> [DATA PROVIDED]:
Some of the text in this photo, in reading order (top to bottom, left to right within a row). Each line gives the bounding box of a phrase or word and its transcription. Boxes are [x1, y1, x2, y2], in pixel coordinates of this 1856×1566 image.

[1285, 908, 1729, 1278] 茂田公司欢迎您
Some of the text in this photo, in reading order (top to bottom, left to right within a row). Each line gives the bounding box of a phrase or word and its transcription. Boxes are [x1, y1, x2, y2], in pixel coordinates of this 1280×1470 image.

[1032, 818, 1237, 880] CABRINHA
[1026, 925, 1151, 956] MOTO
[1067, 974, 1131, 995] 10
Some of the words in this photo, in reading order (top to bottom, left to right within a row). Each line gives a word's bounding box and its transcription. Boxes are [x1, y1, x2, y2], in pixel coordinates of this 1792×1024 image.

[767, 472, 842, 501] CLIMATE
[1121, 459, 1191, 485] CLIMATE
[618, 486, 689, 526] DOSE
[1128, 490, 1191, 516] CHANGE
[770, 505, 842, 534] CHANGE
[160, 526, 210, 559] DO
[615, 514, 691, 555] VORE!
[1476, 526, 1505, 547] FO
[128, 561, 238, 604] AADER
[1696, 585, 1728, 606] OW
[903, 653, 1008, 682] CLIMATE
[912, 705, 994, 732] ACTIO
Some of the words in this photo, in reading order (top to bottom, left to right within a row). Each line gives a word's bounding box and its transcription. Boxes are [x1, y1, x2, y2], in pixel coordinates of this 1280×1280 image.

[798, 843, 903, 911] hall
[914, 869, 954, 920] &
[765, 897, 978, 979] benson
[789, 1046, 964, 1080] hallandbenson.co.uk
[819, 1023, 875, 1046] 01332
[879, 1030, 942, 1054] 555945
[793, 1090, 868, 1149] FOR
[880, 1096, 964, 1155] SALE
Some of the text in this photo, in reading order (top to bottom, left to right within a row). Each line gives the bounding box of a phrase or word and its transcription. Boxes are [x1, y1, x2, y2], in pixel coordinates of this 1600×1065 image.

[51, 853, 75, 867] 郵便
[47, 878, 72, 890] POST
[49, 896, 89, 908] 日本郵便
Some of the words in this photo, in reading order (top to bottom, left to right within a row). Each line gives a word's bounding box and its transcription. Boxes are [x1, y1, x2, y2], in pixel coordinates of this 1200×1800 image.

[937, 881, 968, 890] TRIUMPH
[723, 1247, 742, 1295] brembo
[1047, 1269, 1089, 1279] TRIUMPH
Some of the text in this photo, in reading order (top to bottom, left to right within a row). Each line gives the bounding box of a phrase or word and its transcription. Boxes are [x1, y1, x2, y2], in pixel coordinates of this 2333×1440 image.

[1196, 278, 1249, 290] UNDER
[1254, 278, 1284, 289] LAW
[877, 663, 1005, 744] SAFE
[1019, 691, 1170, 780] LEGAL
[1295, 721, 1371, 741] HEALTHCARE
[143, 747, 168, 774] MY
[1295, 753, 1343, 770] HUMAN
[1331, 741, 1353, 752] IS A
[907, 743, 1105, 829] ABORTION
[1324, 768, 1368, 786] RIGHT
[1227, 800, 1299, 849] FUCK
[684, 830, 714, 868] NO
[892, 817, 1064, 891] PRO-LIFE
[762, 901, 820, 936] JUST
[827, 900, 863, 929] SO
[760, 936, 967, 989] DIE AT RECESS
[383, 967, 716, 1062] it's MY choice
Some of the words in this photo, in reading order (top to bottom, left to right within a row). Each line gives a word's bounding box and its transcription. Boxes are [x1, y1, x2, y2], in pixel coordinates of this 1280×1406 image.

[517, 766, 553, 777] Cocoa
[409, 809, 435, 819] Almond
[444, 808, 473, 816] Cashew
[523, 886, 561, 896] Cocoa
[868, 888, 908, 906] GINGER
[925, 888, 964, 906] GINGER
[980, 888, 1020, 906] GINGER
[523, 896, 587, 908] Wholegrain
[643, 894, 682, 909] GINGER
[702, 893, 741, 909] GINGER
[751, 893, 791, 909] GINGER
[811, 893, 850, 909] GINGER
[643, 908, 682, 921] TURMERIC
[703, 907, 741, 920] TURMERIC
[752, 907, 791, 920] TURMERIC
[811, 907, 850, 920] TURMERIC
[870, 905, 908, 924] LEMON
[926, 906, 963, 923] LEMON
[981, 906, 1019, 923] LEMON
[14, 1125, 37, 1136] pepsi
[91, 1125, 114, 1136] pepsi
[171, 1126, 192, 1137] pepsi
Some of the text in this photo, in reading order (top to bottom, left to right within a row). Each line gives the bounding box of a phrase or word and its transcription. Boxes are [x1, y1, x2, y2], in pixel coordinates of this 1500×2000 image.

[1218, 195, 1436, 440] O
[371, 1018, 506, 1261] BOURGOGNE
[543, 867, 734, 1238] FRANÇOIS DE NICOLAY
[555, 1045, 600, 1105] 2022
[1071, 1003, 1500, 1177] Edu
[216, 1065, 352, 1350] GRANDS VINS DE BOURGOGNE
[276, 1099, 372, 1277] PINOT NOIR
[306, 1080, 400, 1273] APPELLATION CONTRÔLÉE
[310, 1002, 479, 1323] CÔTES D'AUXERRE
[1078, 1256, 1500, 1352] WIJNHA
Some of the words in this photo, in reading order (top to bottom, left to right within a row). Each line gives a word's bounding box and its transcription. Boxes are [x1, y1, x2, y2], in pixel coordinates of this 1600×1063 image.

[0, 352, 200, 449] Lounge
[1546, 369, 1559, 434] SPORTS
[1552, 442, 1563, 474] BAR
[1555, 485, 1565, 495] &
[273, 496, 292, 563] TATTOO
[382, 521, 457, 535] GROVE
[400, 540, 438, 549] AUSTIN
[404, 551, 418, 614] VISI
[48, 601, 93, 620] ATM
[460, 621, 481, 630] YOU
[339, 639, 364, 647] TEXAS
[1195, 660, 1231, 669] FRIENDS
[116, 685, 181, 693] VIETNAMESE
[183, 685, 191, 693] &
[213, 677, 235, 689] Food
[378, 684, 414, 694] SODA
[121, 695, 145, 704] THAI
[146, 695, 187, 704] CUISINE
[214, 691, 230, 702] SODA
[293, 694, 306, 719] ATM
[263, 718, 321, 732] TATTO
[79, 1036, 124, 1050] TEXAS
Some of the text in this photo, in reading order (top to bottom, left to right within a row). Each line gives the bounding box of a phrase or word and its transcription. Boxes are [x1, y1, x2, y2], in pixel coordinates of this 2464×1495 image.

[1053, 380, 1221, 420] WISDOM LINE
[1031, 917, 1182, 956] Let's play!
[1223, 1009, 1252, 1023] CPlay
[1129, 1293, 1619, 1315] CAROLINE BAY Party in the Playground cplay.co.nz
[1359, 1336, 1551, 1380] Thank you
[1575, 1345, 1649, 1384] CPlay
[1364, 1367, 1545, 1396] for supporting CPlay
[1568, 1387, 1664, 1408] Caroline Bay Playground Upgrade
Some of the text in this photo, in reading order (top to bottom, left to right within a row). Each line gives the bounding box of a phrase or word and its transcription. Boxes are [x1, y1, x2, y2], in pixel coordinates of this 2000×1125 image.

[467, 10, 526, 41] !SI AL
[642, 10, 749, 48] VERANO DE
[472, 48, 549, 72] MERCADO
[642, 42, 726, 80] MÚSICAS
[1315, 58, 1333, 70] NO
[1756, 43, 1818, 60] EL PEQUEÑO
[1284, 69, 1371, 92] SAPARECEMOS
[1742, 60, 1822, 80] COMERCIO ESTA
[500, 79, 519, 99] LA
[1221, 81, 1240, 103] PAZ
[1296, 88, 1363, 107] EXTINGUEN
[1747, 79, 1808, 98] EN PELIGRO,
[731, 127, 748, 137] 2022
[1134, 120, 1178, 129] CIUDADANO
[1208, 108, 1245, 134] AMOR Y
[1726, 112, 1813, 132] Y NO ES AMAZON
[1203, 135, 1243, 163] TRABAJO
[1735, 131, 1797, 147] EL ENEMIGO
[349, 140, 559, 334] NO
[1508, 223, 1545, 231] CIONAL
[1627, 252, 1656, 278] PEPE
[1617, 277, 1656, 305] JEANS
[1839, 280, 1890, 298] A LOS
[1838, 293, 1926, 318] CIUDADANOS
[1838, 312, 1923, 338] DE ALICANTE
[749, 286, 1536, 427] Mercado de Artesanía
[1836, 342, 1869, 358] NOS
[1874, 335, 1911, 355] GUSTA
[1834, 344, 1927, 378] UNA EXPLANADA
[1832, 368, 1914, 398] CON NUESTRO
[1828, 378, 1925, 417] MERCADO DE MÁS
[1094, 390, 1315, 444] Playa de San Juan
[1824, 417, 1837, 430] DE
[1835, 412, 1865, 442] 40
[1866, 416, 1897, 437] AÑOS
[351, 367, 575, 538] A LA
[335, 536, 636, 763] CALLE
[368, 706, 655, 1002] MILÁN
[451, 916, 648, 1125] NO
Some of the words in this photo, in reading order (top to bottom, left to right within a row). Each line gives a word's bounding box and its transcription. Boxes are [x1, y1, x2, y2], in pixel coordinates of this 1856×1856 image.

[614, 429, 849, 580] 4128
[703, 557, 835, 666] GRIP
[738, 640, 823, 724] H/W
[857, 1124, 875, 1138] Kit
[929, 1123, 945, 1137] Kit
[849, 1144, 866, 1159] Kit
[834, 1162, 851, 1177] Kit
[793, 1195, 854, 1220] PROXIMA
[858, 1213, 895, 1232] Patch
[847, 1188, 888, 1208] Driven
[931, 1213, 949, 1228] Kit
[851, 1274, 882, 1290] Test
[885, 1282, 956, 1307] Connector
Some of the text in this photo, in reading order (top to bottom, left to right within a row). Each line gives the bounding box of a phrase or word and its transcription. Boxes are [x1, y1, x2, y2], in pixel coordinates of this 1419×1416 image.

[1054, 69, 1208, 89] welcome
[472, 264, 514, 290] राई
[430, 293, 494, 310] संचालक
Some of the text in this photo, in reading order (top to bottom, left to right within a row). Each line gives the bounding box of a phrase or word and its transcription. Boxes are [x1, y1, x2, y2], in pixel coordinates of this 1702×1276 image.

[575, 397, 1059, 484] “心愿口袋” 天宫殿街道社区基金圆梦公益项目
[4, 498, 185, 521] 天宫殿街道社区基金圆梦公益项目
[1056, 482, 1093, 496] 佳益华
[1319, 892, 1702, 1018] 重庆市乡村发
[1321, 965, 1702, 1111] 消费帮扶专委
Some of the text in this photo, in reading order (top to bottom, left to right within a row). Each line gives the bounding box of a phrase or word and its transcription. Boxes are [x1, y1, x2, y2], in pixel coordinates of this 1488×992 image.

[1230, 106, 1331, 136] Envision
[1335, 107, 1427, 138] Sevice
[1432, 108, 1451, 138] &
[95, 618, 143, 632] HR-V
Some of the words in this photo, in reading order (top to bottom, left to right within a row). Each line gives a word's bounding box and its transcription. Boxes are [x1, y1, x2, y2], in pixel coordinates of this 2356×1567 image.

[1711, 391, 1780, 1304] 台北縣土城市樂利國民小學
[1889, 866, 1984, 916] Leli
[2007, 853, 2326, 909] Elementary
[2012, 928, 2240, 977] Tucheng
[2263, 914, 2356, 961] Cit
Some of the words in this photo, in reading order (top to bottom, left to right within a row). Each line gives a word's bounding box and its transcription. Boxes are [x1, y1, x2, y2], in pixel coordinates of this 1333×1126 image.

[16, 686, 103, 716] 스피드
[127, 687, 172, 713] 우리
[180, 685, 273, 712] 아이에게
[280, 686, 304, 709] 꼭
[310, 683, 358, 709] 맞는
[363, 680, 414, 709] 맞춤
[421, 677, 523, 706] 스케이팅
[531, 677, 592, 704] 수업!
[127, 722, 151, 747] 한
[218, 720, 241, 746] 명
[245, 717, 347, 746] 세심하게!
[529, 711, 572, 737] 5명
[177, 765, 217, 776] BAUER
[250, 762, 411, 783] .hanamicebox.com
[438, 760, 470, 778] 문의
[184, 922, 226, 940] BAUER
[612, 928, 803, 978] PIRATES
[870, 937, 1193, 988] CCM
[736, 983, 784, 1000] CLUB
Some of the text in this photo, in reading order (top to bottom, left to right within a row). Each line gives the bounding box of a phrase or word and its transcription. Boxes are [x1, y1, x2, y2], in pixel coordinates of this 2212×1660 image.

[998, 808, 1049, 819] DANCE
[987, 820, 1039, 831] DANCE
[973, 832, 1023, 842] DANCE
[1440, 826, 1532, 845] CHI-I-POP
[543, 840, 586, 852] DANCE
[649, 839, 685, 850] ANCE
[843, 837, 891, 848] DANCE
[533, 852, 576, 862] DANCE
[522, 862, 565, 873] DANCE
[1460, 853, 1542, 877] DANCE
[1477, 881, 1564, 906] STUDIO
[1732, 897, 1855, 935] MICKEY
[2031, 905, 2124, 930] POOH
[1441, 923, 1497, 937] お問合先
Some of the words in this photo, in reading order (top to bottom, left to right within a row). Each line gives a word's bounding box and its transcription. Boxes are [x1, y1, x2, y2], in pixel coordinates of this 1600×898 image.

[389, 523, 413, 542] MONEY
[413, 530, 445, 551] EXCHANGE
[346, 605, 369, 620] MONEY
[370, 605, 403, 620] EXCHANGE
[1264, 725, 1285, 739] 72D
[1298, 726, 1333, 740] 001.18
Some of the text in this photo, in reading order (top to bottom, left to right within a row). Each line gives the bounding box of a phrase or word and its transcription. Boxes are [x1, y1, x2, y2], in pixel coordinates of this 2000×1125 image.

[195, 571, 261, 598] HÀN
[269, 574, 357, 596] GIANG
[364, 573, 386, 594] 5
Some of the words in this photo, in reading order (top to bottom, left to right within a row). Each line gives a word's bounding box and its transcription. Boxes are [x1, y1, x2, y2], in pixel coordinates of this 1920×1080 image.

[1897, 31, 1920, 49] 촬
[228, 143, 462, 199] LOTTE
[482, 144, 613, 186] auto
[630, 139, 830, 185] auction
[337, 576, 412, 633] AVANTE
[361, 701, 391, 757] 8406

> [ABOUT THIS EXERCISE]:
Print, exactly as they appear above, the lines running from the one with "this 1920×1080 image." through the final line.

> [WRITTEN ANSWER]:
Some of the words in this photo, in reading order (top to bottom, left to right within a row). Each line gives a word's bounding box and its transcription. Boxes are [x1, y1, x2, y2], in pixel coordinates of this 1920×1080 image.

[1897, 31, 1920, 49] 촬
[228, 143, 462, 199] LOTTE
[482, 144, 613, 186] auto
[630, 139, 830, 185] auction
[337, 576, 412, 633] AVANTE
[361, 701, 391, 757] 8406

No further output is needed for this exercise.